Fraud. Organized networks often operate through a complex system of false companies that create false descriptions of goods or false invoices. They could simply start a blockchain of false data. Blockchain does not replace the need for intelligence and risk management but the availability of ‘big data’ could conceivably improve the efficiency of targeting. However, the capacity of Customs and other agencies in handling data would need to be enhanced and their practices, some of them deeply ingrained, would also need to be changed.
Verifying Transactions. Blockchain may provide proof that a transaction has taken place but how can it guarantee that the terms of that transactions were fulfilled? For example, blockchain may record that goods were loaded into a container but how can one ascertain that the correct goods and the right quantity were actually loaded? This has implications for ‘self-executing contracts’ as well. Unlike Bitcoins where the entirety of the transaction is self-contained, in a real-world supply chain, the validity of the contract depends on external factors such as the quantity or quality of the goods or whether a certain action (e.g. transport from A to B) has taken place.
Data confidentiality. Even if a blockchain ledger’s access can be restricted to only the participants in that transaction, the confidentiality of the data must be protected even within that restricted membership. For example, a supplier may consign goods destined for a certain buyer to a shipping line but the shipping line also provides a service to that supplier’s competitors. This may present a challenge where the entire ledger relating to a transaction is distributed among the participants.

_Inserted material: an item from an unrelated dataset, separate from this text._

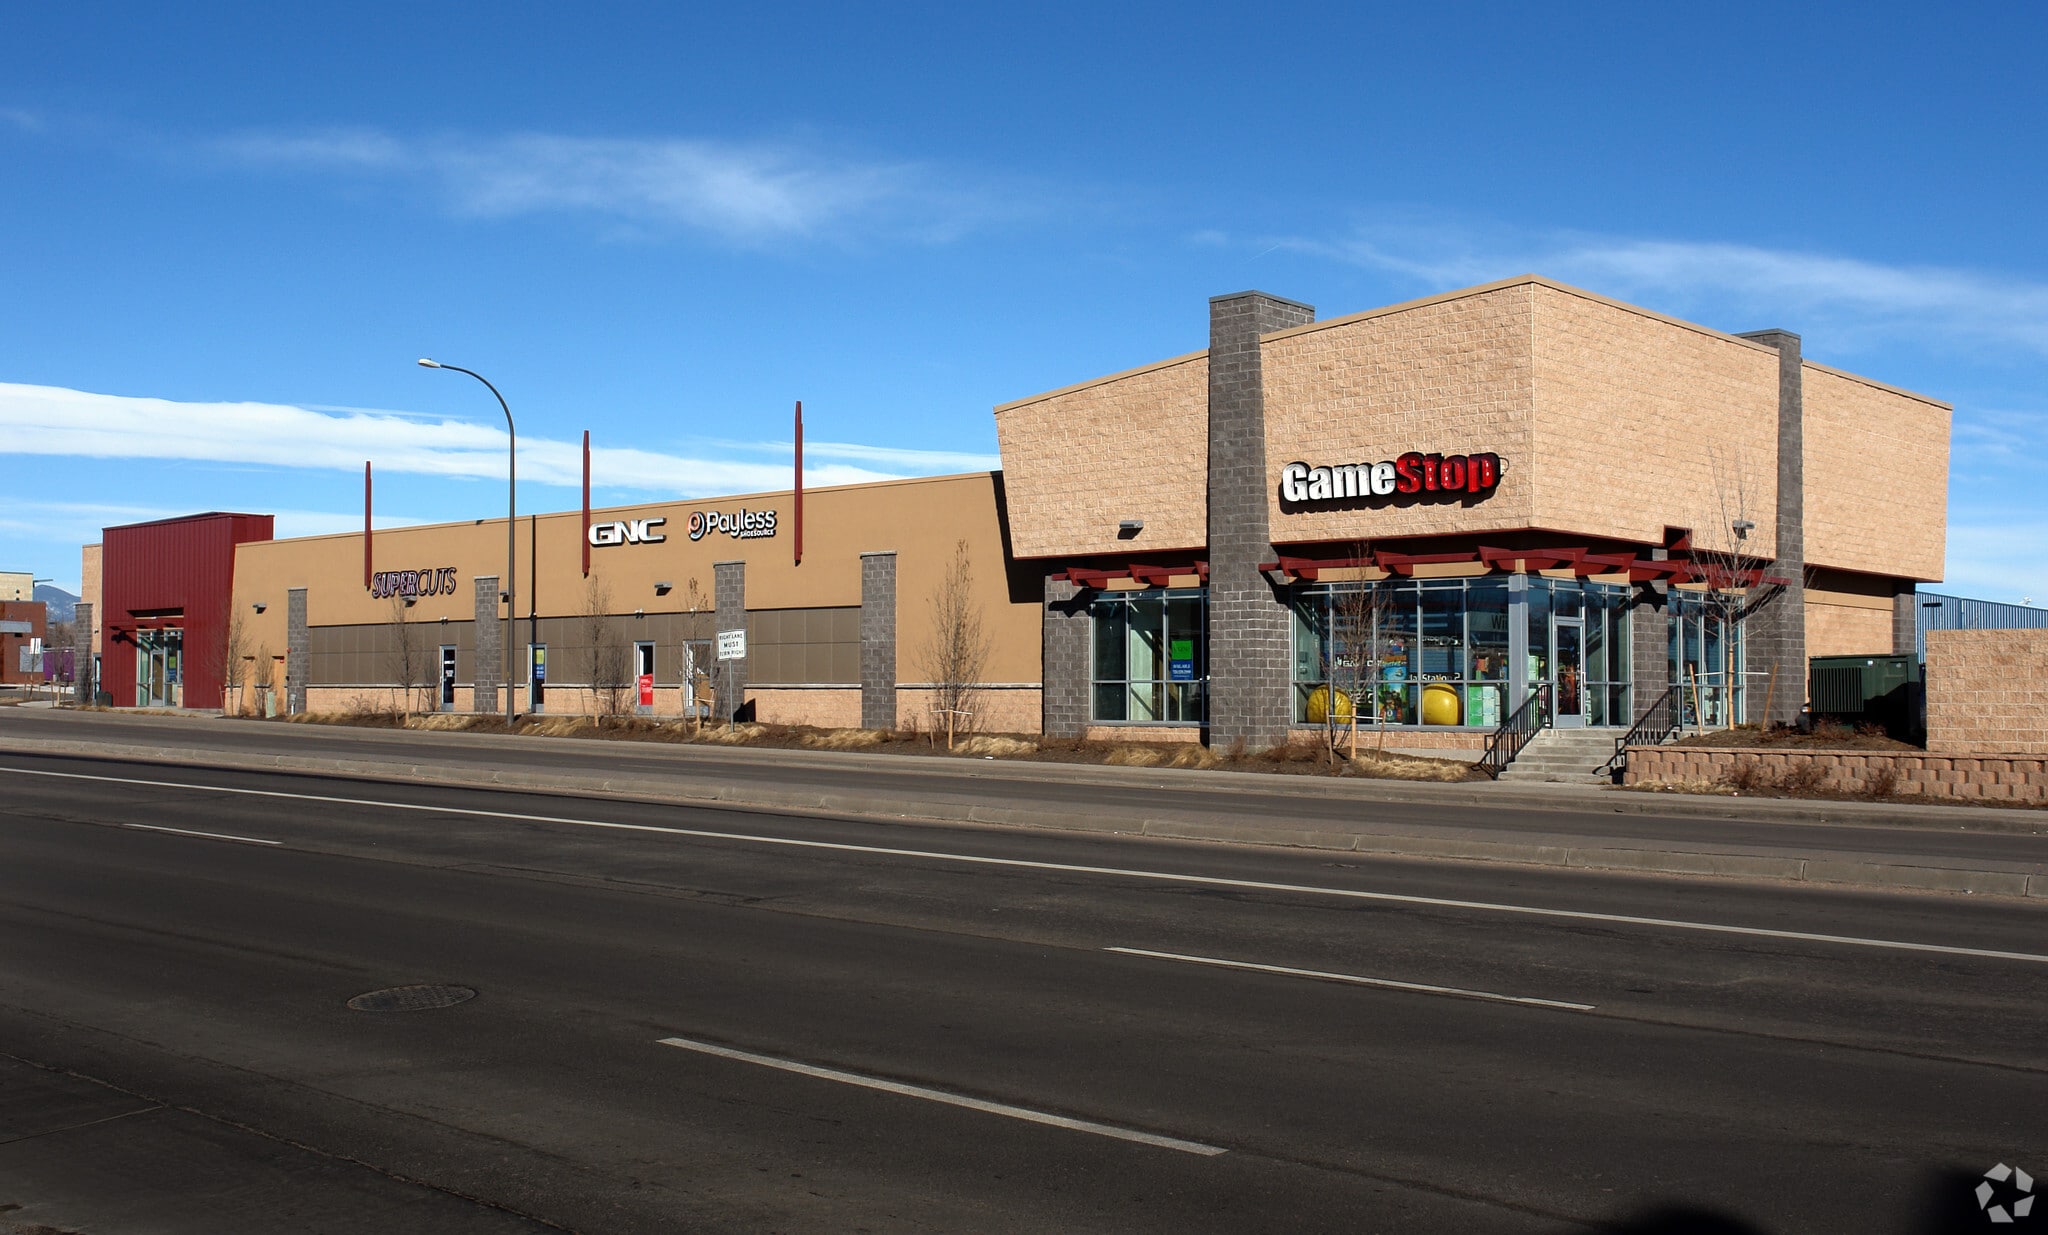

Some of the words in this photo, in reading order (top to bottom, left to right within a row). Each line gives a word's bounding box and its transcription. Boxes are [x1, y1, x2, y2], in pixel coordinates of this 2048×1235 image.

[1282, 452, 1497, 502] GameStop
[588, 517, 667, 546] GNC
[706, 509, 776, 537] Payless
[372, 567, 457, 599] SUPERCUTS

Legality. There are a number of legal implications of blockchain that would have to be explored. First and foremost, the issue of jurisdiction and ownership in terms of where the data is stored and where it is used as a declaration to the authorities.

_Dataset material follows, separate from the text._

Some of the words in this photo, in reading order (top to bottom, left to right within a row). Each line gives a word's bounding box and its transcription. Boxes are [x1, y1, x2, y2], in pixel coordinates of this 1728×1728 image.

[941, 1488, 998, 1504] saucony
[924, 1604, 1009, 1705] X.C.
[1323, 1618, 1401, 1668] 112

The private sector has begun to explore the impact of blockchain on trade logistics. IBM has conducted two concrete pilots by using blockchain within the context of trade logistics. One pilot was conducted with Maersk to track shipments of flowers from Kenya to Rotterdam. A second pilot was conducted with the Singapore Customs Administration, which incorporates customs in the supply chain. This suggests a real potential for integrating customs and border authorities with the supply chain to achieve significant benefits in terms of facilitation
Blockchain could influence trade policy and regulation and offer a new paradigm in the way globalized trade is conducted. While it is evident that blockchain in the supply chain can be a useful tool, customer engagement is the bigger opportunity. It could reform the global trade environment into a more customer-friendly environment. However, key issues remain to be resolved which cannot be solved by technology alone. For example, reform and modernization of border management present many other challenges (e.g. institutional capacity, etc). More pilot work and research is required before the full potential and impact of blockchain on trade facilitation is realized.